## [WHAT IS NEEDED]
Write out all the entries below without any change.

## [MATERIAL FOR THIS TASK]
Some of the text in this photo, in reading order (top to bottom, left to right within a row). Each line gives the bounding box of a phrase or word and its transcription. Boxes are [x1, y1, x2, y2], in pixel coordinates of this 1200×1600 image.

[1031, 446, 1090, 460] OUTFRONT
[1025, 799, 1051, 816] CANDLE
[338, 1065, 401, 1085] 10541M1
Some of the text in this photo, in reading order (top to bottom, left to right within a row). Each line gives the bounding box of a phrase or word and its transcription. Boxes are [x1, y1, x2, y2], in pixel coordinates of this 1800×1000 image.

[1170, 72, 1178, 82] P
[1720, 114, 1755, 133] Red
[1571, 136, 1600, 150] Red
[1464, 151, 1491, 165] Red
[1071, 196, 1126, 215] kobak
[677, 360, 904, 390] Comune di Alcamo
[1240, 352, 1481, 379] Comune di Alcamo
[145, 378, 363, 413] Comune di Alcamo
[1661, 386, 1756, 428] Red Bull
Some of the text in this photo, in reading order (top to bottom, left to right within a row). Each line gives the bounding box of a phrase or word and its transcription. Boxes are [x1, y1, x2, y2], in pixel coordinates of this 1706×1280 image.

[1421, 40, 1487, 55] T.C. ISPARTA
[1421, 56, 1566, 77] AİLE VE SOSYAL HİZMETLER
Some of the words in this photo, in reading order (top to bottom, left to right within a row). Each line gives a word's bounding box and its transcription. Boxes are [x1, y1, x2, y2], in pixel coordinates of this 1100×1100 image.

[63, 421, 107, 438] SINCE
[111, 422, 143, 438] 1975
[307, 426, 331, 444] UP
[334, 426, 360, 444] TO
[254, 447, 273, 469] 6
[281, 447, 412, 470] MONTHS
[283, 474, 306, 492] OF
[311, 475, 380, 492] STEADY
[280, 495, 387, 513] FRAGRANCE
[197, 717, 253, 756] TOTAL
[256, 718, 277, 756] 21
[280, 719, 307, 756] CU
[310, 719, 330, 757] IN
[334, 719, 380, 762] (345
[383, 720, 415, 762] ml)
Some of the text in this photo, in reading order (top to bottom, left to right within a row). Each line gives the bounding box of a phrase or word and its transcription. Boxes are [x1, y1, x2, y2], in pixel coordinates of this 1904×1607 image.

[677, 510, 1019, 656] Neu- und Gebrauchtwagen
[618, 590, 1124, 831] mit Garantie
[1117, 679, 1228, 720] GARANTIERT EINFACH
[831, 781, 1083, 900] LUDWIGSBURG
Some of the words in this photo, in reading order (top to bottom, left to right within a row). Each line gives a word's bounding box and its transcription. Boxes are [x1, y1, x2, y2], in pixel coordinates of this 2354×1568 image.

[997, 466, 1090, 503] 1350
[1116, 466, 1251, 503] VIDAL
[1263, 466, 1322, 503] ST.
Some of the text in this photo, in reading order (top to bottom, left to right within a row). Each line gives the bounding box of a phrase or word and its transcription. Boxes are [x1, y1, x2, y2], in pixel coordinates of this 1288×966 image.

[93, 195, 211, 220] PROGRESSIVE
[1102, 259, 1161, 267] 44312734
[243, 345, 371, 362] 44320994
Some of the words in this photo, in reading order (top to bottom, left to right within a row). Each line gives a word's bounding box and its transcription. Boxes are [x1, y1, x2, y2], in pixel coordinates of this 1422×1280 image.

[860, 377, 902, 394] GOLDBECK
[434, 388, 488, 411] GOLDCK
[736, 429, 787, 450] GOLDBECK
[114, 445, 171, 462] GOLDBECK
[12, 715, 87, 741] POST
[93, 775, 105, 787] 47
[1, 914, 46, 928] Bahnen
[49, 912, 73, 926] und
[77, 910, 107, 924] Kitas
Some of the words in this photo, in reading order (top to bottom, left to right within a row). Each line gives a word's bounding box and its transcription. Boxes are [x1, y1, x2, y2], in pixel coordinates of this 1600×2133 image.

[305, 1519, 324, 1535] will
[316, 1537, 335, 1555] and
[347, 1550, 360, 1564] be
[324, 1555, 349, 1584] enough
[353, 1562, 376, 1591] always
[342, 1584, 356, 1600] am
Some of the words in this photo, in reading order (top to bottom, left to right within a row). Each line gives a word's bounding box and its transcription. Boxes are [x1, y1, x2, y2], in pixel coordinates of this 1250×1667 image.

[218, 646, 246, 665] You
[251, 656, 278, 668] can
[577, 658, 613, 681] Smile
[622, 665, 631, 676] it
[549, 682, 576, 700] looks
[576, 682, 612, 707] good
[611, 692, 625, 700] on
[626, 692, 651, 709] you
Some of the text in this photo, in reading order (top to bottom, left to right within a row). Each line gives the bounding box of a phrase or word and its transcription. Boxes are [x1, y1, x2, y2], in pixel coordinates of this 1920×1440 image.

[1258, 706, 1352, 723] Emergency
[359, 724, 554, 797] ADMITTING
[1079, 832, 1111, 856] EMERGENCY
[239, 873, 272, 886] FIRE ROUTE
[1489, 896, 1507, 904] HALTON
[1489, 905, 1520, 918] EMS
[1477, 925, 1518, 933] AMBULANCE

## [TASK SOLUTION]
Some of the text in this photo, in reading order (top to bottom, left to right within a row). Each line gives the bounding box of a phrase or word and its transcription. Boxes are [x1, y1, x2, y2], in pixel coordinates of this 1200×1600 image.

[1031, 446, 1090, 460] OUTFRONT
[1025, 799, 1051, 816] CANDLE
[338, 1065, 401, 1085] 10541M1
Some of the text in this photo, in reading order (top to bottom, left to right within a row). Each line gives the bounding box of a phrase or word and its transcription. Boxes are [x1, y1, x2, y2], in pixel coordinates of this 1800×1000 image.

[1170, 72, 1178, 82] P
[1720, 114, 1755, 133] Red
[1571, 136, 1600, 150] Red
[1464, 151, 1491, 165] Red
[1071, 196, 1126, 215] kobak
[677, 360, 904, 390] Comune di Alcamo
[1240, 352, 1481, 379] Comune di Alcamo
[145, 378, 363, 413] Comune di Alcamo
[1661, 386, 1756, 428] Red Bull
Some of the text in this photo, in reading order (top to bottom, left to right within a row). Each line gives the bounding box of a phrase or word and its transcription. Boxes are [x1, y1, x2, y2], in pixel coordinates of this 1706×1280 image.

[1421, 40, 1487, 55] T.C. ISPARTA
[1421, 56, 1566, 77] AİLE VE SOSYAL HİZMETLER
Some of the words in this photo, in reading order (top to bottom, left to right within a row). Each line gives a word's bounding box and its transcription. Boxes are [x1, y1, x2, y2], in pixel coordinates of this 1100×1100 image.

[63, 421, 107, 438] SINCE
[111, 422, 143, 438] 1975
[307, 426, 331, 444] UP
[334, 426, 360, 444] TO
[254, 447, 273, 469] 6
[281, 447, 412, 470] MONTHS
[283, 474, 306, 492] OF
[311, 475, 380, 492] STEADY
[280, 495, 387, 513] FRAGRANCE
[197, 717, 253, 756] TOTAL
[256, 718, 277, 756] 21
[280, 719, 307, 756] CU
[310, 719, 330, 757] IN
[334, 719, 380, 762] (345
[383, 720, 415, 762] ml)
Some of the text in this photo, in reading order (top to bottom, left to right within a row). Each line gives the bounding box of a phrase or word and its transcription. Boxes are [x1, y1, x2, y2], in pixel coordinates of this 1904×1607 image.

[677, 510, 1019, 656] Neu- und Gebrauchtwagen
[618, 590, 1124, 831] mit Garantie
[1117, 679, 1228, 720] GARANTIERT EINFACH
[831, 781, 1083, 900] LUDWIGSBURG
Some of the words in this photo, in reading order (top to bottom, left to right within a row). Each line gives a word's bounding box and its transcription. Boxes are [x1, y1, x2, y2], in pixel coordinates of this 2354×1568 image.

[997, 466, 1090, 503] 1350
[1116, 466, 1251, 503] VIDAL
[1263, 466, 1322, 503] ST.
Some of the text in this photo, in reading order (top to bottom, left to right within a row). Each line gives the bounding box of a phrase or word and its transcription. Boxes are [x1, y1, x2, y2], in pixel coordinates of this 1288×966 image.

[93, 195, 211, 220] PROGRESSIVE
[1102, 259, 1161, 267] 44312734
[243, 345, 371, 362] 44320994
Some of the words in this photo, in reading order (top to bottom, left to right within a row). Each line gives a word's bounding box and its transcription. Boxes are [x1, y1, x2, y2], in pixel coordinates of this 1422×1280 image.

[860, 377, 902, 394] GOLDBECK
[434, 388, 488, 411] GOLDCK
[736, 429, 787, 450] GOLDBECK
[114, 445, 171, 462] GOLDBECK
[12, 715, 87, 741] POST
[93, 775, 105, 787] 47
[1, 914, 46, 928] Bahnen
[49, 912, 73, 926] und
[77, 910, 107, 924] Kitas
Some of the words in this photo, in reading order (top to bottom, left to right within a row). Each line gives a word's bounding box and its transcription. Boxes are [x1, y1, x2, y2], in pixel coordinates of this 1600×2133 image.

[305, 1519, 324, 1535] will
[316, 1537, 335, 1555] and
[347, 1550, 360, 1564] be
[324, 1555, 349, 1584] enough
[353, 1562, 376, 1591] always
[342, 1584, 356, 1600] am
Some of the words in this photo, in reading order (top to bottom, left to right within a row). Each line gives a word's bounding box and its transcription. Boxes are [x1, y1, x2, y2], in pixel coordinates of this 1250×1667 image.

[218, 646, 246, 665] You
[251, 656, 278, 668] can
[577, 658, 613, 681] Smile
[622, 665, 631, 676] it
[549, 682, 576, 700] looks
[576, 682, 612, 707] good
[611, 692, 625, 700] on
[626, 692, 651, 709] you
Some of the text in this photo, in reading order (top to bottom, left to right within a row). Each line gives the bounding box of a phrase or word and its transcription. Boxes are [x1, y1, x2, y2], in pixel coordinates of this 1920×1440 image.

[1258, 706, 1352, 723] Emergency
[359, 724, 554, 797] ADMITTING
[1079, 832, 1111, 856] EMERGENCY
[239, 873, 272, 886] FIRE ROUTE
[1489, 896, 1507, 904] HALTON
[1489, 905, 1520, 918] EMS
[1477, 925, 1518, 933] AMBULANCE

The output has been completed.